▸ Dataset content
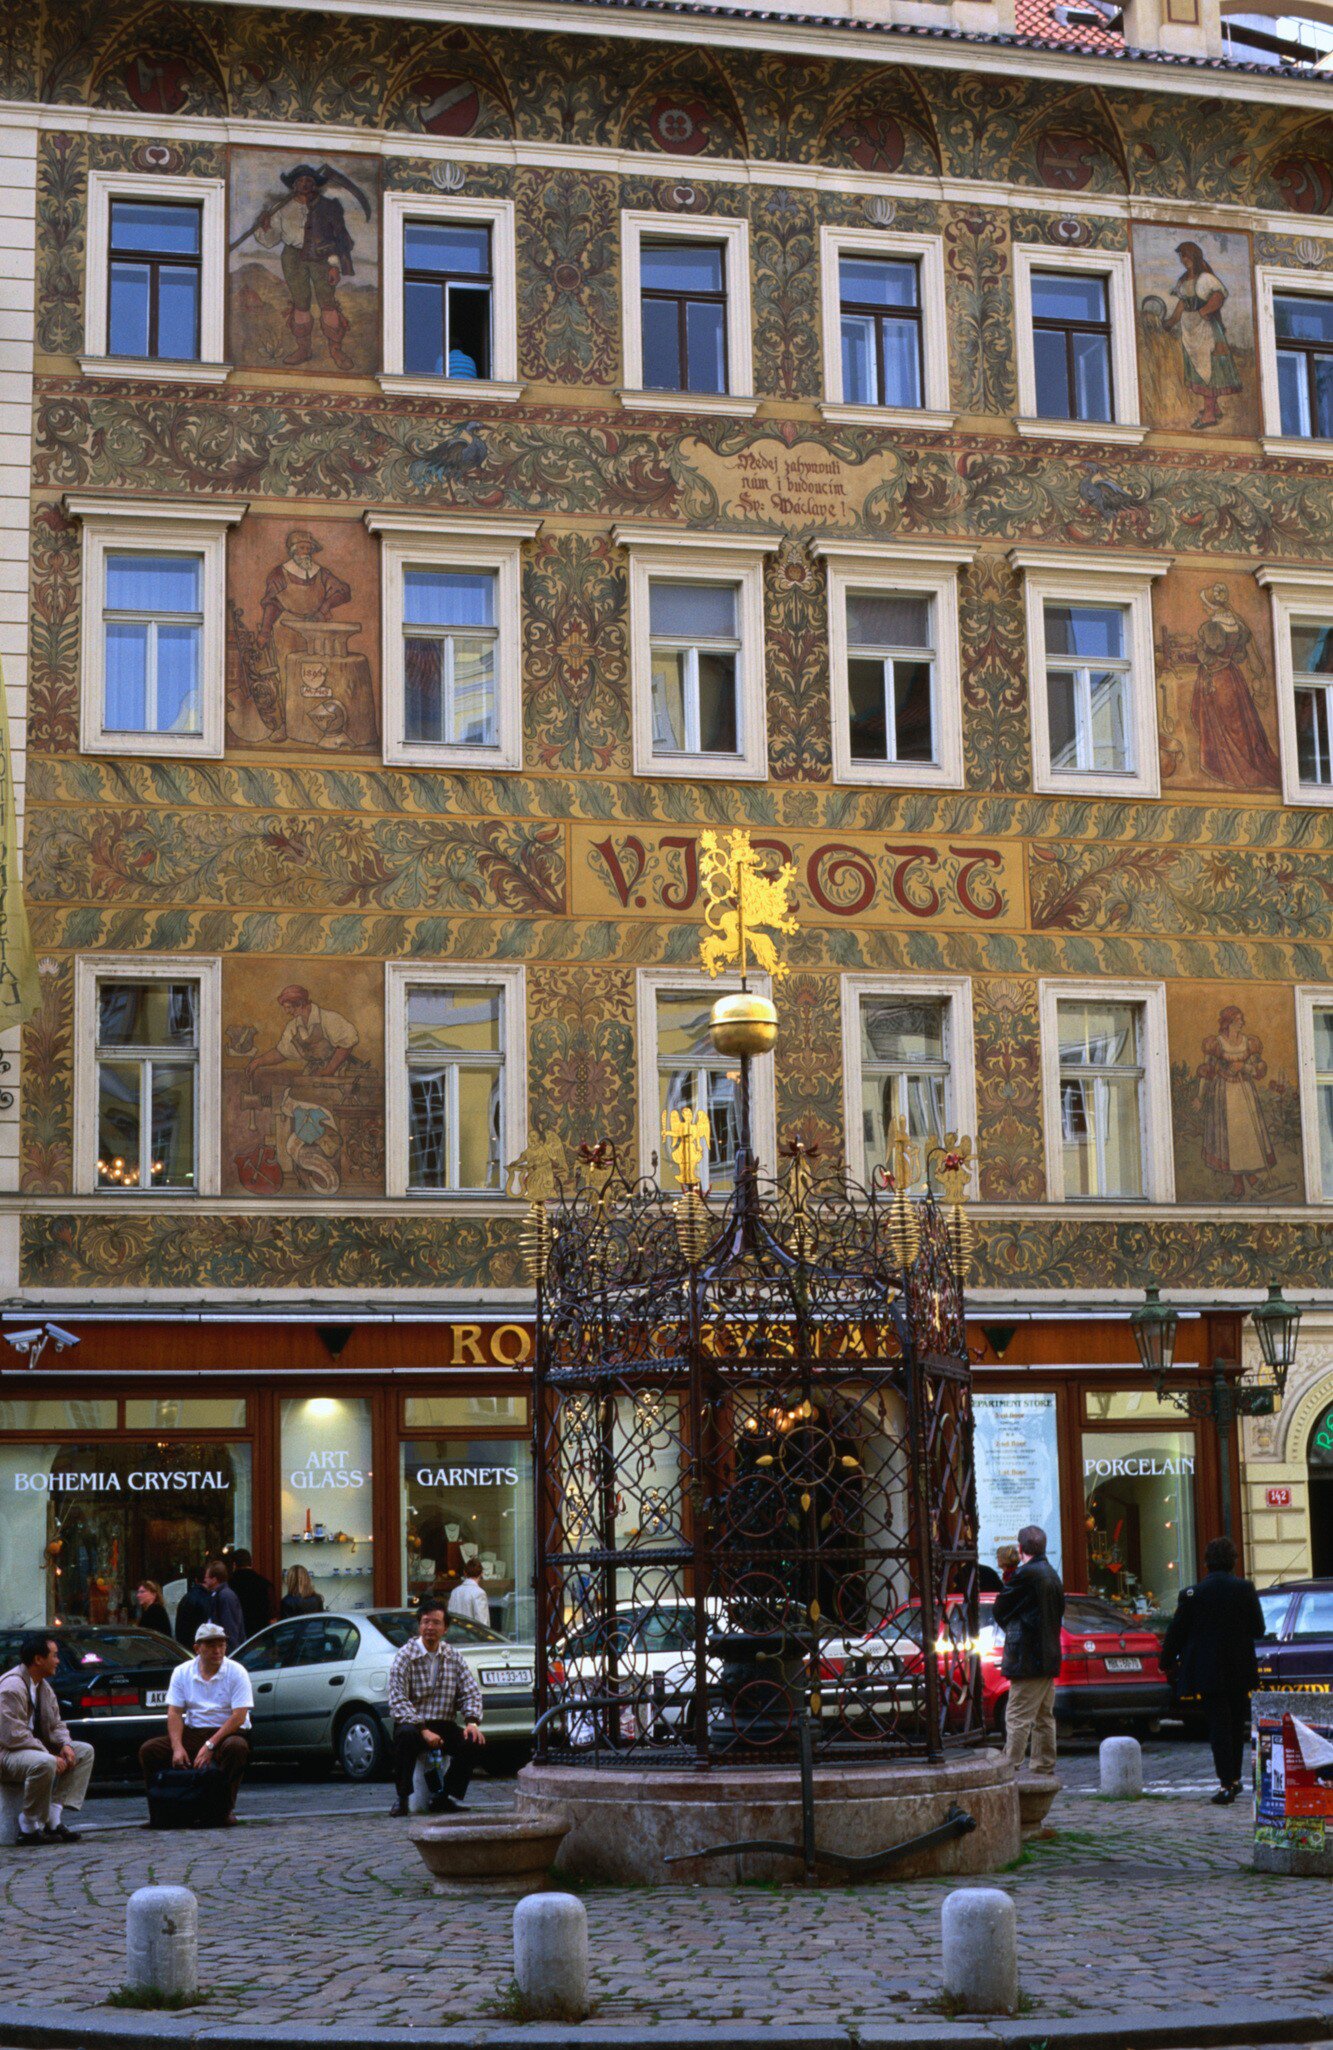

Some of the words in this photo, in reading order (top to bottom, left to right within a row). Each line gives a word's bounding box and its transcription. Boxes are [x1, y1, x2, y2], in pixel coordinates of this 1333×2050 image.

[742, 473, 771, 491] nám
[971, 1400, 1021, 1408] EPARTMENT
[305, 1451, 350, 1469] ART
[1084, 1457, 1195, 1477] PORCELAIN
[14, 1471, 121, 1492] BOHEMIA
[127, 1470, 230, 1491] CRYSTAL
[290, 1470, 364, 1489] GLASS
[416, 1467, 519, 1487] GARNETS
[1271, 1490, 1287, 1500] 142

▸ Action item
Each line of the data above is to be output exactly; the pictures are not to appear.

▸ Solution to the problem
Some of the words in this photo, in reading order (top to bottom, left to right within a row). Each line gives a word's bounding box and its transcription. Boxes are [x1, y1, x2, y2], in pixel coordinates of this 1333×2050 image.

[742, 473, 771, 491] nám
[971, 1400, 1021, 1408] EPARTMENT
[305, 1451, 350, 1469] ART
[1084, 1457, 1195, 1477] PORCELAIN
[14, 1471, 121, 1492] BOHEMIA
[127, 1470, 230, 1491] CRYSTAL
[290, 1470, 364, 1489] GLASS
[416, 1467, 519, 1487] GARNETS
[1271, 1490, 1287, 1500] 142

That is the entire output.